# Decent summer for a newbie



## woodinfliezz (Jan 27, 2014)

just moved down in may and had some learning to do on the pier side of the fishing world.

any who i started watching and listening and learning all i could and this is what all my learnt lessons got me so far this summer..

1 tarpon
2 kings
1 7ft nurse shark
1 7ft-8ft hammerhead (broke off at pier)
3 5ft blacktips
2 bonita
4 spanish
1002020200 hardtails 
102020330450 skipjacks
1-5 new friends and fishin buddies
countless memories with the family

any ways below are some pictures of my catches this summer so far.

p.s. thanks to the folks on this forum also you guys are always full of useful information.


----------



## Justin618 (Aug 18, 2013)

Sounds like you did very well. Most people would love to have the fish you caught underror their belt, especially the tarpon.

Nice job


----------



## Trucki-n-ihsiF (Mar 23, 2008)

Nice haul there man.You need to add pompano to that list.Hopefully they will show back up at Navarre pier soon.Another thing,the bottom left pic and the guy standing to your left on the rail,isn't that "the dude" you told me about lol.


----------



## woodinfliezz (Jan 27, 2014)

Trucki no thats not him i havent seen that "dude" in a while. thankfully i tried for some pomps but couldnt get any earlier this year do they have a late summer run?


----------



## fairpoint (May 9, 2013)

Yep they come in on the west side.....


----------



## 2RC's II (Feb 2, 2012)

Nice. Congrats.


----------



## Trucki-n-ihsiF (Mar 23, 2008)

Like fairpoint added,most of the times they are on the west side of the pier.They are usually here by now,I ran into Ms.Pat,a local,and we were talking about the pomps showing up this year and we both agreed it's been a weird summer all around.Grass is pretty thick still too.
Heres a link I use to keep an eye on the grass situation:
http://www.wyndhamgardenfwb.com/live-beach-cam.htm


----------



## woodinfliezz (Jan 27, 2014)

Awesome heres one for Navarre Beach  http://www.navarrebeachlife.com/forums/page.php?p=zoom


----------



## Mike Moore (Feb 10, 2010)

Better variety than I've caught so far but................. I've only been here 43 years...... lol


----------



## Bravo87 (Jun 19, 2014)

Those are some nice kings too!
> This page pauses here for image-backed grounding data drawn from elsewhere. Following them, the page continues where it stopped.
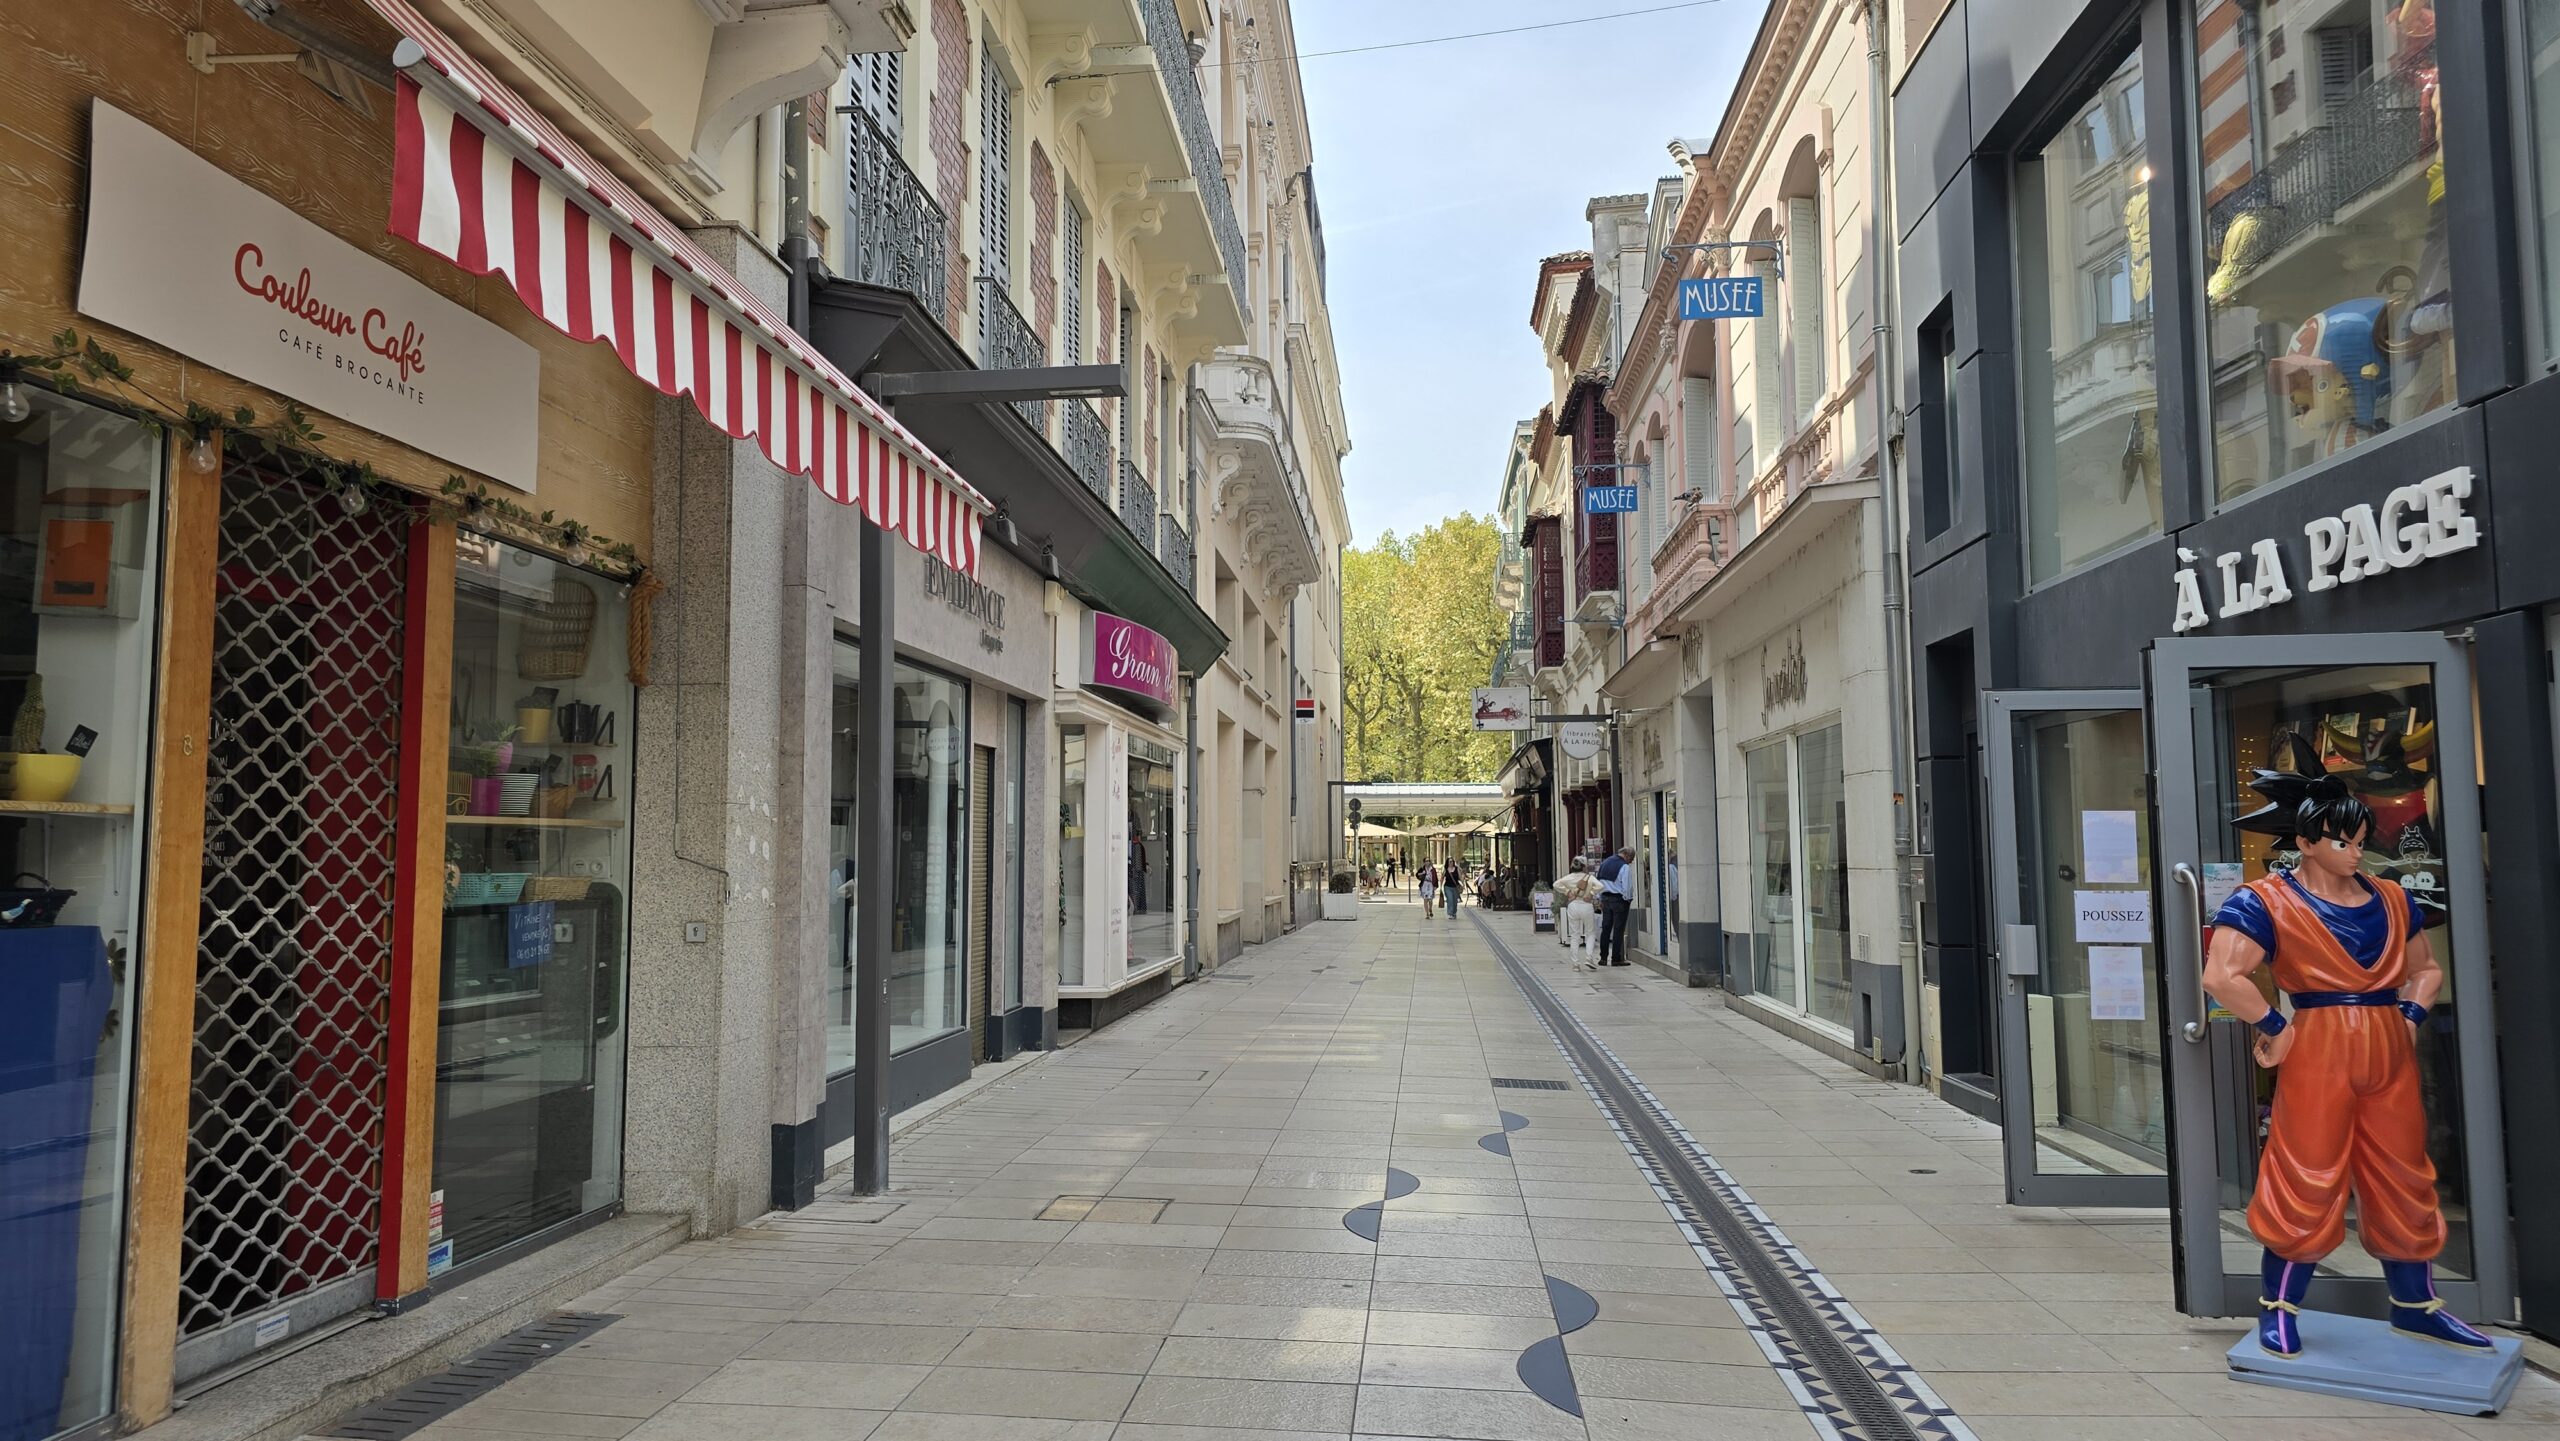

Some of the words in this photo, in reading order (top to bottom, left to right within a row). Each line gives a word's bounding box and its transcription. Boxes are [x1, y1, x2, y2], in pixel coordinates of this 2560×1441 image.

[234, 242, 356, 337] Couleur
[362, 308, 425, 382] Café
[1684, 281, 1757, 316] MUSEE
[279, 328, 323, 360] CAFÉ
[335, 354, 425, 404] BROCANTE
[1588, 489, 1635, 511] MUSEE
[2172, 547, 2209, 632] À
[2216, 538, 2292, 619] LA
[2304, 466, 2478, 592] PAGE
[926, 554, 1006, 631] EVIDENCE
[1109, 625, 1161, 687] Grain
[2082, 910, 2144, 922] POUSSEZ
Not some of those barely legal I've seen pulled out. Well done!


----------



## woodinfliezz (Jan 27, 2014)

Thank you guys really need to get back out and try for some spanish Nom NOms


----------



## Trucki-n-ihsiF (Mar 23, 2008)

Dude,was out at Navarre pier yesterday from 4pm to 7pm and it was DEAD DEAD DEAD.However they are showing up at the Ft.Pickens pier in numbers and also in pretty big sizes.The kings are out there too.Bubble rig and live baby LY's are working the best.Only cost $8 and the pass is good for a week!


----------



## woodinfliezz (Jan 27, 2014)

Lol yesterday was popping man it was pretty crazy we had 4 on at once and 2 20+ landed


----------



## Rebfhecca (Aug 17, 2014)

Yep they come in on the west side.....


----------



## cliphord (Oct 28, 2011)

I hope you are eating the black tips. They are delicious! Nice summer!


----------



## Bh7558 (Jun 17, 2013)

Dam this is a old post


----------



## VanStaal (Oct 10, 2011)

lol....This guy... Just hooked a tarpon... not '' caught''

Just another one of them bandwagon king fisherman.... not impressed willie


----------